Dolmaya başlayınca ne olur, elbette anons. “Lütfen arka taraflara doğru hareket edelim!” medyada gözükmek isteyenlerin ön tarafta bulunma mücadelesine şahitlik ettik. Eylem oturma eylemi olduğu için oturmak için alan açılması gerekliydi. Anons ile bu hatırlatılıyor ve “lütfen” diye vurgulanırken “bu ön tarafta olma mücadelesini bırakın, ailelere ayrılmıştır orası.” sessizce söylenmiş oluyordu. Haklıydı, ama kim duyar haklı olmayı, oraya gelenlerin amacı ile orada sürekli bulunanların amacı ortak mıydı, sorusu kafamın içinden geçti ve sessizce en arka tarafa gidip gelişmeleri izlemeye devam ettim…
Acısını duyanlar ve istikrarlı şekilde her eyleme gelenler elbette ön tarafta bulunması gereklidir, işin doğalı bu olmalıdır ama pek öyle olmuyor, ilk defa gelmiş, fotoğraf çektirip eyleme sahip çıkmak isteyenlerin ısrarı ön tarafta sürdü bir süre…

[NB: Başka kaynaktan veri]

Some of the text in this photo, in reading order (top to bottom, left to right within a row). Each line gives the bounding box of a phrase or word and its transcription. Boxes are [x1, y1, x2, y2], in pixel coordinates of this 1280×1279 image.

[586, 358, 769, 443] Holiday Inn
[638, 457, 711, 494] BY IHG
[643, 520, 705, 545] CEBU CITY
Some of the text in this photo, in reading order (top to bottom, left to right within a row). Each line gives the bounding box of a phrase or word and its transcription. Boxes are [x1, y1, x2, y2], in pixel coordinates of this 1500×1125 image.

Elbette, ayakta duracak değiliz, oturma eylemi için oturacak alan yaratılması gereklidir, en doğalı ve normali bu ama sanki oraya bu eylemin biçimini unutmuşlar gelmiş gibiydi. Belki de büyük olasılıkla çok uzun zaman içinde eylemler ya yasak ya da sınırlı sayıda katılım ile olduğu için oturulması unutulmuştu, anonslar ile oturma eylemi duyuruldu. Bu arada CHP Beyoğlu temsilciliğinden Cumartesi Annelerinin daha önceki eylemlerden kayıta alınmış sesleri hoparlöre verilmişti, meydana sesi geliyordu...
Acıların ayrımı olmaz…
Resimler dağıtıldı. Resimlerin / afişlerin üzerinde yazan isimler ve fotoğraflara göre bir seçicilik olduğunu görünce önce şaşırdım, her kişi ya yakını ya da tanıdığının ya da siyasetten yakın olan kaybın afişini arıyor, ayırıyor ve meydanda göstermek için alıyordu... Şaşırmıştım, çünkü tüm kayıplar ayrımsız bizim yakınımızdır, her biri bizim bir parçamız, canımızı acıtandır...

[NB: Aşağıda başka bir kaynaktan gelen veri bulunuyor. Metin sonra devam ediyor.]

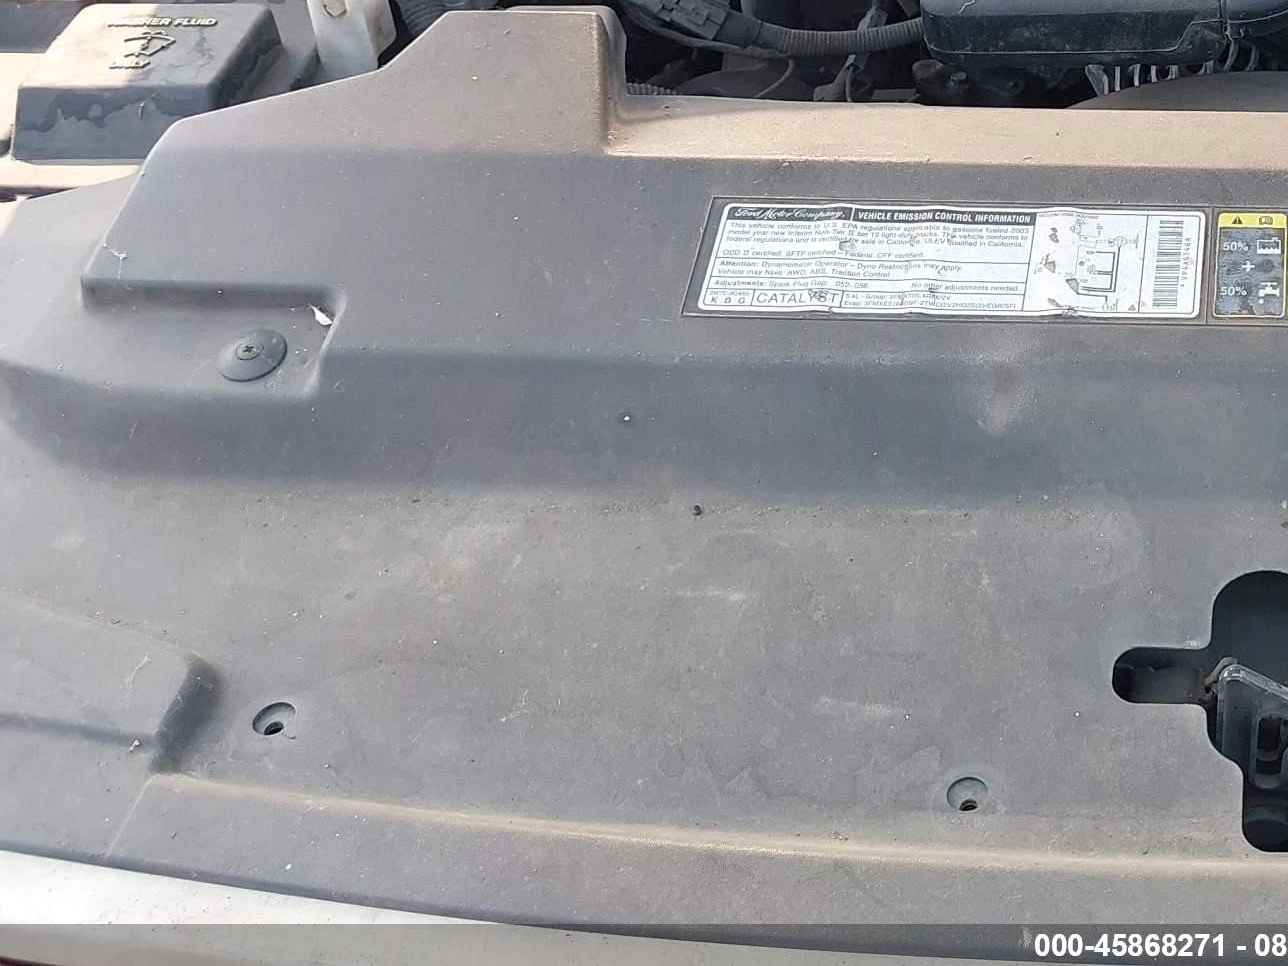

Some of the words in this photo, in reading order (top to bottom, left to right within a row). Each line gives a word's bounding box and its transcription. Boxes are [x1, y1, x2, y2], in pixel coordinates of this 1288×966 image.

[173, 18, 217, 27] FLUID
[734, 208, 761, 218] Ford
[758, 208, 792, 220] Motor
[858, 211, 892, 221] VEHICLE
[893, 212, 933, 221] EMISSION
[934, 212, 973, 222] CONTROL
[974, 213, 1031, 223] INFORMATION
[860, 224, 901, 232] regulations
[952, 226, 983, 234] gasoline
[1222, 241, 1249, 252] 50%
[814, 260, 849, 268] Operator
[856, 262, 877, 271] Dyno
[923, 263, 938, 271] may
[831, 268, 861, 277] Traction
[714, 279, 767, 287] Adjustments:
[768, 280, 791, 288] Spark
[792, 280, 809, 288] Plug
[944, 284, 989, 292] adjustments
[1220, 286, 1248, 297] 50%
[756, 291, 840, 304] CATALYST
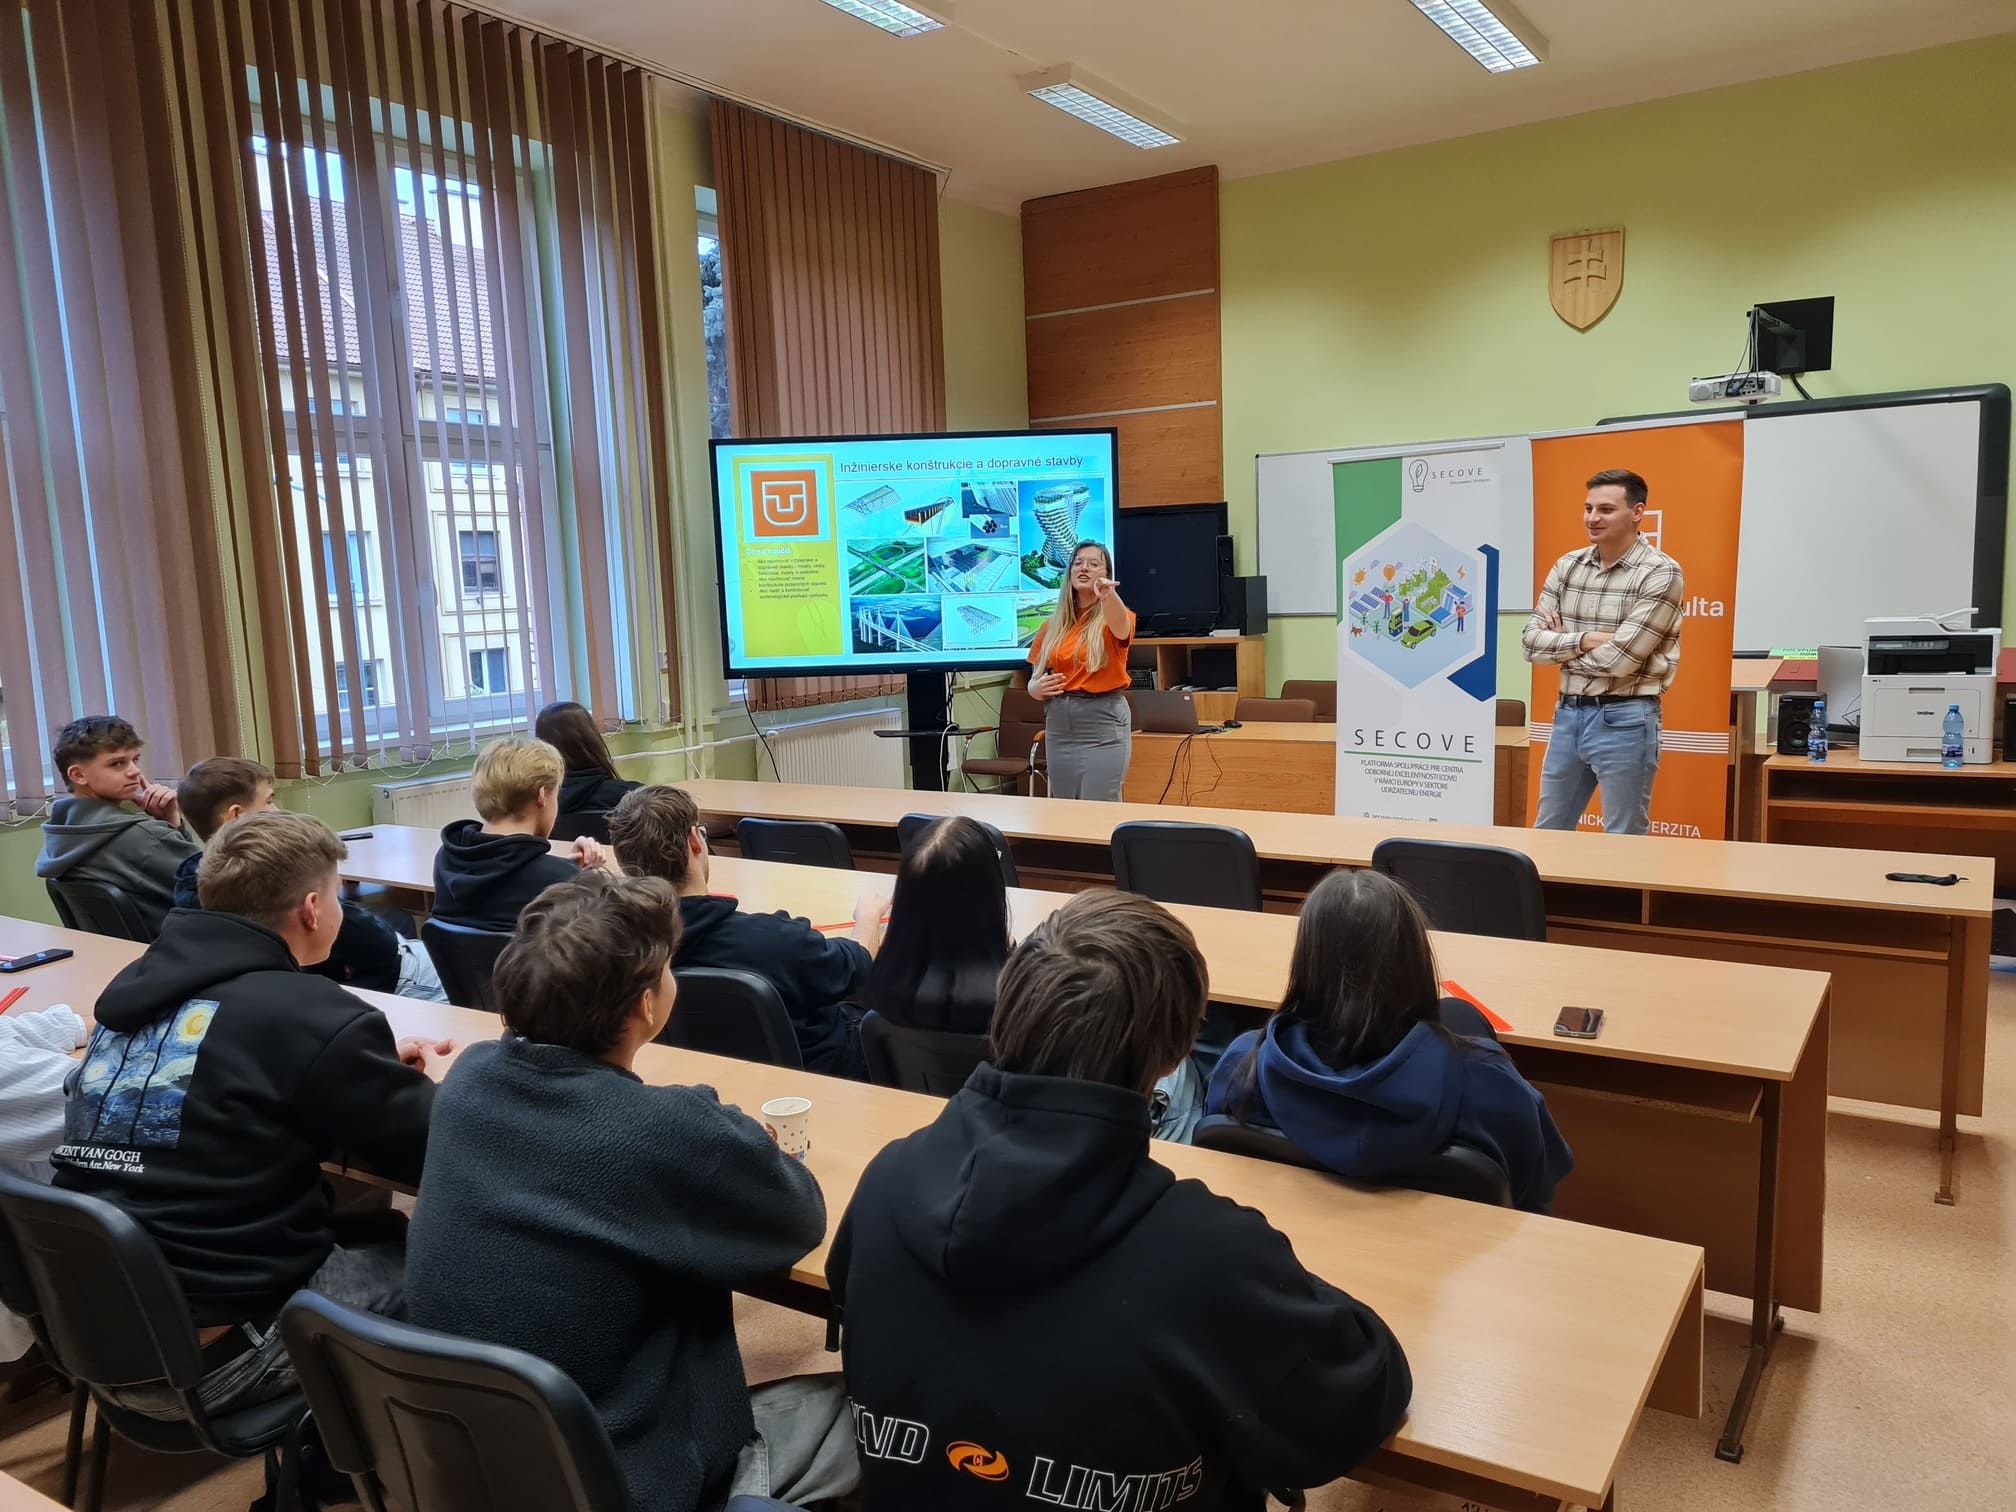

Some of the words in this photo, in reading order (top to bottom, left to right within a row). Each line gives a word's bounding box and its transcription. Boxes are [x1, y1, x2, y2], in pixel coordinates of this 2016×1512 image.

[840, 461, 903, 473] Inžinierske
[906, 458, 973, 471] konštrukcie
[976, 460, 984, 469] a
[987, 455, 1042, 470] dopravné
[1045, 455, 1084, 468] stavby
[1431, 467, 1484, 480] SECOVE
[1682, 596, 1724, 617] ulta
[1354, 729, 1475, 753] SECOVE
[1360, 759, 1394, 769] PLATFORMA
[1430, 764, 1441, 772] PRE
[1364, 768, 1394, 777] ODBORNEJ
[1394, 770, 1439, 780] EXCELENTNOSTI
[1424, 781, 1449, 790] SEKTORE
[1419, 789, 1442, 798] ENERGIE
[1578, 813, 1605, 827] NICK
[1649, 820, 1701, 838] ERZITA
[80, 1147, 105, 1159] VAN
[104, 1149, 142, 1163] GOGH
[122, 1163, 145, 1173] York
[1025, 1455, 1202, 1512] LIMITS

Hangi nedenle, nasıl olursa olsun, hangi kültürden, hangi coğrafyadan, hangi zamanda olursa olsun tüm kayıplar benim gözümde eşittir, aynı düzeyde, aynı şekilde anarım, ayrım yapmam, onlar ve onların ailelerin acıları benim acım ve onlar kadar olmasa da acı duyarım…
Gözyaşının rengi yoktur, tüm acılar aynı şekilde akar gözlerimden kalbime doğru...
Eylemde önce genel hazırlanmış mesaj okundu ve arkasından aileler söz aldı… Sessizce ve saygı içinde konuşmalar dinlendi, ne alkış ne de slogan… Ve sessizlik içinde meydanı terk ederek oturma eylemi olması gerektiği gibi sonlanmış oldu...
Dağıldıktan sonra çevrede yer alan cafelerde eyleme gelenler buluştu, hasret giderdi, işi olanlar ayrılıp gitti ve İstiklal Caddesi eski kalabalığı içinde yaşamaya devam etti.
Yarım saat sonra oradan geçerken bariyerler eski yerine gelmişti, içine polisler ve araçları diğer günlerde olduğu gibi konumlanmış olduğunu gördüm.
Cumhuriyetin 50. Yılını temsil eden heykelin üstü ve etrafında karanfiller hala duruyordu...
Bariyerler genişledi ve daraldı, eylem olmuş bitmiş gerisinde karanfiller kalmıştı...
Burada bir şey yaşanmıştı, yaşanmış ama ne yaşandığına dair bir iz kalmış mıydı? Kişisel cep telefonlarımızda çektiğimiz fotoğraflar duruyor, paylaşan paylaşıyor...
Bu sefer de 1000. Buluşma böyle gelip geçti, arkasından kocaman bir sessizlik, acılı yüreklerin isyan sesi orada bulunan taşların içine işledi...
Taş dile geldi ama yetkililer ses verip bu ailelerin acısını dindirmek için bir şey yapmadı...
Bariyerler hep orada kaldı... Kalan sadece bariyerler mi?
İsmail Cem Özkan
Son Haberler
Sayfalar
Fransa’da El Freni Çekildi! İşe Yarar Mı?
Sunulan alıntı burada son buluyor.